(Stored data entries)
━━━━━━━━━━━━━━━━━━━━━━━━━━━━━━
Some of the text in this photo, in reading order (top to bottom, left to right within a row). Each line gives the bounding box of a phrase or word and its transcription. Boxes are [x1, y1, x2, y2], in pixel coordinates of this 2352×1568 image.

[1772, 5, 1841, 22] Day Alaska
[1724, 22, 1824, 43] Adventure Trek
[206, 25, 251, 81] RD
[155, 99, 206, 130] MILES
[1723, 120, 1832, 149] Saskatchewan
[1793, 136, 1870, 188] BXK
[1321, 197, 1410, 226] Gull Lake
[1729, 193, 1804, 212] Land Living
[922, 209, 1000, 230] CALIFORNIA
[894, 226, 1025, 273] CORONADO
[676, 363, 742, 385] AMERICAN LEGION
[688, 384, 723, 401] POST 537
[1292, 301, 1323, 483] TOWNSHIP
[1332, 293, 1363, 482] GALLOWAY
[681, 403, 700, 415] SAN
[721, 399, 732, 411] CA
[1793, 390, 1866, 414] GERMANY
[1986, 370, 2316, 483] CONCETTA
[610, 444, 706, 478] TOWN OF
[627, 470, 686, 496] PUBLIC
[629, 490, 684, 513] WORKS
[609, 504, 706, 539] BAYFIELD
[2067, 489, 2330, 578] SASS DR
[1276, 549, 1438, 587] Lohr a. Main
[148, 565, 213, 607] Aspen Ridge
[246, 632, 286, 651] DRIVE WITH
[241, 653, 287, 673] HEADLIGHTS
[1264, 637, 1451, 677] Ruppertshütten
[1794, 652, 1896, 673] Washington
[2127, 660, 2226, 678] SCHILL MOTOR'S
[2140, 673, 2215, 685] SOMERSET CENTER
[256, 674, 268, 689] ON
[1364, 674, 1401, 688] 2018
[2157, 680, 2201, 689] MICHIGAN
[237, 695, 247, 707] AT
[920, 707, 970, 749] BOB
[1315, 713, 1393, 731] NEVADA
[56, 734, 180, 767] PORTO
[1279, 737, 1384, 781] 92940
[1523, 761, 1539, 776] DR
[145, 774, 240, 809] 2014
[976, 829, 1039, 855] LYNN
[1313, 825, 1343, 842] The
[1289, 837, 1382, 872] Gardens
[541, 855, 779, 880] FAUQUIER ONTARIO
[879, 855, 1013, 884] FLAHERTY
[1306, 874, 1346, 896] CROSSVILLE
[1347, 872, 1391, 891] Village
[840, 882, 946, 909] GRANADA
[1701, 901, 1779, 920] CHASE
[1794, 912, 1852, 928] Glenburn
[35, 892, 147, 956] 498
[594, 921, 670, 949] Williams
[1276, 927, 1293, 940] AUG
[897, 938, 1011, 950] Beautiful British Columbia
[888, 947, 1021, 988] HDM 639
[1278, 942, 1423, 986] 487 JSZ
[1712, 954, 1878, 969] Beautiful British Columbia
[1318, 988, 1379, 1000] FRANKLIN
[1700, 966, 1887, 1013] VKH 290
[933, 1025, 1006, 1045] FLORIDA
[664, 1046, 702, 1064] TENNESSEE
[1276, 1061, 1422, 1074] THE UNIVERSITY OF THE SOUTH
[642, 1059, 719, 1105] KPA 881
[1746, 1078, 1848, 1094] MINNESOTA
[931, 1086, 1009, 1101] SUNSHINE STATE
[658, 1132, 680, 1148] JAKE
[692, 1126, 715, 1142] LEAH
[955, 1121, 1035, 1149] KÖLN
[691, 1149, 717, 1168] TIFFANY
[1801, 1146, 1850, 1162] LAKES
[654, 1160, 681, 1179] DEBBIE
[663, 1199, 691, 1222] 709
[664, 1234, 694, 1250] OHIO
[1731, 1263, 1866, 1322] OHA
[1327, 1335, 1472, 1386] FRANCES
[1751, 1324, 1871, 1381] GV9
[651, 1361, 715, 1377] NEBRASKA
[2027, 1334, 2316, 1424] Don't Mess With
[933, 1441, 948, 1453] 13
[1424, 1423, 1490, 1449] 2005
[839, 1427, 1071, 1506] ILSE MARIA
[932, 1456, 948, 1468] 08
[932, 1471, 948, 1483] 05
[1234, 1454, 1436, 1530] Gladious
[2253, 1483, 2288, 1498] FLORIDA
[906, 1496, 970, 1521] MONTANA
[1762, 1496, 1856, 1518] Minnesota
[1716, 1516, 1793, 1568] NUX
━━━━━━━━━━━━━━━━━━━━━━━━━━━━━━
* The task
Say each line again exactly as it appears above.

* Task answer
Some of the text in this photo, in reading order (top to bottom, left to right within a row). Each line gives the bounding box of a phrase or word and its transcription. Boxes are [x1, y1, x2, y2], in pixel coordinates of this 2352×1568 image.

[1772, 5, 1841, 22] Day Alaska
[1724, 22, 1824, 43] Adventure Trek
[206, 25, 251, 81] RD
[155, 99, 206, 130] MILES
[1723, 120, 1832, 149] Saskatchewan
[1793, 136, 1870, 188] BXK
[1321, 197, 1410, 226] Gull Lake
[1729, 193, 1804, 212] Land Living
[922, 209, 1000, 230] CALIFORNIA
[894, 226, 1025, 273] CORONADO
[676, 363, 742, 385] AMERICAN LEGION
[688, 384, 723, 401] POST 537
[1292, 301, 1323, 483] TOWNSHIP
[1332, 293, 1363, 482] GALLOWAY
[681, 403, 700, 415] SAN
[721, 399, 732, 411] CA
[1793, 390, 1866, 414] GERMANY
[1986, 370, 2316, 483] CONCETTA
[610, 444, 706, 478] TOWN OF
[627, 470, 686, 496] PUBLIC
[629, 490, 684, 513] WORKS
[609, 504, 706, 539] BAYFIELD
[2067, 489, 2330, 578] SASS DR
[1276, 549, 1438, 587] Lohr a. Main
[148, 565, 213, 607] Aspen Ridge
[246, 632, 286, 651] DRIVE WITH
[241, 653, 287, 673] HEADLIGHTS
[1264, 637, 1451, 677] Ruppertshütten
[1794, 652, 1896, 673] Washington
[2127, 660, 2226, 678] SCHILL MOTOR'S
[2140, 673, 2215, 685] SOMERSET CENTER
[256, 674, 268, 689] ON
[1364, 674, 1401, 688] 2018
[2157, 680, 2201, 689] MICHIGAN
[237, 695, 247, 707] AT
[920, 707, 970, 749] BOB
[1315, 713, 1393, 731] NEVADA
[56, 734, 180, 767] PORTO
[1279, 737, 1384, 781] 92940
[1523, 761, 1539, 776] DR
[145, 774, 240, 809] 2014
[976, 829, 1039, 855] LYNN
[1313, 825, 1343, 842] The
[1289, 837, 1382, 872] Gardens
[541, 855, 779, 880] FAUQUIER ONTARIO
[879, 855, 1013, 884] FLAHERTY
[1306, 874, 1346, 896] CROSSVILLE
[1347, 872, 1391, 891] Village
[840, 882, 946, 909] GRANADA
[1701, 901, 1779, 920] CHASE
[1794, 912, 1852, 928] Glenburn
[35, 892, 147, 956] 498
[594, 921, 670, 949] Williams
[1276, 927, 1293, 940] AUG
[897, 938, 1011, 950] Beautiful British Columbia
[888, 947, 1021, 988] HDM 639
[1278, 942, 1423, 986] 487 JSZ
[1712, 954, 1878, 969] Beautiful British Columbia
[1318, 988, 1379, 1000] FRANKLIN
[1700, 966, 1887, 1013] VKH 290
[933, 1025, 1006, 1045] FLORIDA
[664, 1046, 702, 1064] TENNESSEE
[1276, 1061, 1422, 1074] THE UNIVERSITY OF THE SOUTH
[642, 1059, 719, 1105] KPA 881
[1746, 1078, 1848, 1094] MINNESOTA
[931, 1086, 1009, 1101] SUNSHINE STATE
[658, 1132, 680, 1148] JAKE
[692, 1126, 715, 1142] LEAH
[955, 1121, 1035, 1149] KÖLN
[691, 1149, 717, 1168] TIFFANY
[1801, 1146, 1850, 1162] LAKES
[654, 1160, 681, 1179] DEBBIE
[663, 1199, 691, 1222] 709
[664, 1234, 694, 1250] OHIO
[1731, 1263, 1866, 1322] OHA
[1327, 1335, 1472, 1386] FRANCES
[1751, 1324, 1871, 1381] GV9
[651, 1361, 715, 1377] NEBRASKA
[2027, 1334, 2316, 1424] Don't Mess With
[933, 1441, 948, 1453] 13
[1424, 1423, 1490, 1449] 2005
[839, 1427, 1071, 1506] ILSE MARIA
[932, 1456, 948, 1468] 08
[932, 1471, 948, 1483] 05
[1234, 1454, 1436, 1530] Gladious
[2253, 1483, 2288, 1498] FLORIDA
[906, 1496, 970, 1521] MONTANA
[1762, 1496, 1856, 1518] Minnesota
[1716, 1516, 1793, 1568] NUX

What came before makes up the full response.